━━ INPUT DATA

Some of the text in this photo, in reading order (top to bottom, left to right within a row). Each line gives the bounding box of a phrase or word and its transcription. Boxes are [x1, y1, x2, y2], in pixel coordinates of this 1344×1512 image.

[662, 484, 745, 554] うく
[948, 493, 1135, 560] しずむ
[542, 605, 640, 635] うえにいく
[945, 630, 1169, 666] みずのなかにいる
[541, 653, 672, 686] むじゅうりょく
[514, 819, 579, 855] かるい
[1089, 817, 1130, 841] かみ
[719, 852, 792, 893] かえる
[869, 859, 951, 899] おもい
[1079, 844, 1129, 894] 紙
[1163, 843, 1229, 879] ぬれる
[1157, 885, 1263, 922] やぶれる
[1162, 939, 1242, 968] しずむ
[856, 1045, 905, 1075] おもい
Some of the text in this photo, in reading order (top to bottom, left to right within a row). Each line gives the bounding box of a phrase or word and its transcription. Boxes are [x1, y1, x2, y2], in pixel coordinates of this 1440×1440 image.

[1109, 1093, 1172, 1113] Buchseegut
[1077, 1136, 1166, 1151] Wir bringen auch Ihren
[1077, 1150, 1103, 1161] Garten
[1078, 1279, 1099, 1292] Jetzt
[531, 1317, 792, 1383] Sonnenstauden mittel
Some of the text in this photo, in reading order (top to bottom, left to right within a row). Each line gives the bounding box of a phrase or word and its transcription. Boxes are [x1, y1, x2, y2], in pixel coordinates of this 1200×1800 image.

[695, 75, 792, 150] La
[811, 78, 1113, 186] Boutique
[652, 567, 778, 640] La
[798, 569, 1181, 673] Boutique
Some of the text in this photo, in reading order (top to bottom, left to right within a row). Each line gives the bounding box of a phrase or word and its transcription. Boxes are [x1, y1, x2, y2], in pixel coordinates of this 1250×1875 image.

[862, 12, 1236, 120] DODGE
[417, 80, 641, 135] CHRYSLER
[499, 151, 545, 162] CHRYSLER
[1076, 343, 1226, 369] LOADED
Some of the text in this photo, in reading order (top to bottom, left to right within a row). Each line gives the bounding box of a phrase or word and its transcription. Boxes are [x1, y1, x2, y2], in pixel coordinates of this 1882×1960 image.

━━━━

* [TRY IT] When you output the entries, keep every line exactly as it appears above.

* [RESULT FOR THIS EXERCISE]
Some of the text in this photo, in reading order (top to bottom, left to right within a row). Each line gives the bounding box of a phrase or word and its transcription. Boxes are [x1, y1, x2, y2], in pixel coordinates of this 1344×1512 image.

[662, 484, 745, 554] うく
[948, 493, 1135, 560] しずむ
[542, 605, 640, 635] うえにいく
[945, 630, 1169, 666] みずのなかにいる
[541, 653, 672, 686] むじゅうりょく
[514, 819, 579, 855] かるい
[1089, 817, 1130, 841] かみ
[719, 852, 792, 893] かえる
[869, 859, 951, 899] おもい
[1079, 844, 1129, 894] 紙
[1163, 843, 1229, 879] ぬれる
[1157, 885, 1263, 922] やぶれる
[1162, 939, 1242, 968] しずむ
[856, 1045, 905, 1075] おもい
Some of the text in this photo, in reading order (top to bottom, left to right within a row). Each line gives the bounding box of a phrase or word and its transcription. Boxes are [x1, y1, x2, y2], in pixel coordinates of this 1440×1440 image.

[1109, 1093, 1172, 1113] Buchseegut
[1077, 1136, 1166, 1151] Wir bringen auch Ihren
[1077, 1150, 1103, 1161] Garten
[1078, 1279, 1099, 1292] Jetzt
[531, 1317, 792, 1383] Sonnenstauden mittel
Some of the text in this photo, in reading order (top to bottom, left to right within a row). Each line gives the bounding box of a phrase or word and its transcription. Boxes are [x1, y1, x2, y2], in pixel coordinates of this 1200×1800 image.

[695, 75, 792, 150] La
[811, 78, 1113, 186] Boutique
[652, 567, 778, 640] La
[798, 569, 1181, 673] Boutique
Some of the text in this photo, in reading order (top to bottom, left to right within a row). Each line gives the bounding box of a phrase or word and its transcription. Boxes are [x1, y1, x2, y2], in pixel coordinates of this 1250×1875 image.

[862, 12, 1236, 120] DODGE
[417, 80, 641, 135] CHRYSLER
[499, 151, 545, 162] CHRYSLER
[1076, 343, 1226, 369] LOADED
Some of the text in this photo, in reading order (top to bottom, left to right within a row). Each line gives the bounding box of a phrase or word and its transcription. Boxes are [x1, y1, x2, y2], in pixel coordinates of this 1882×1960 image.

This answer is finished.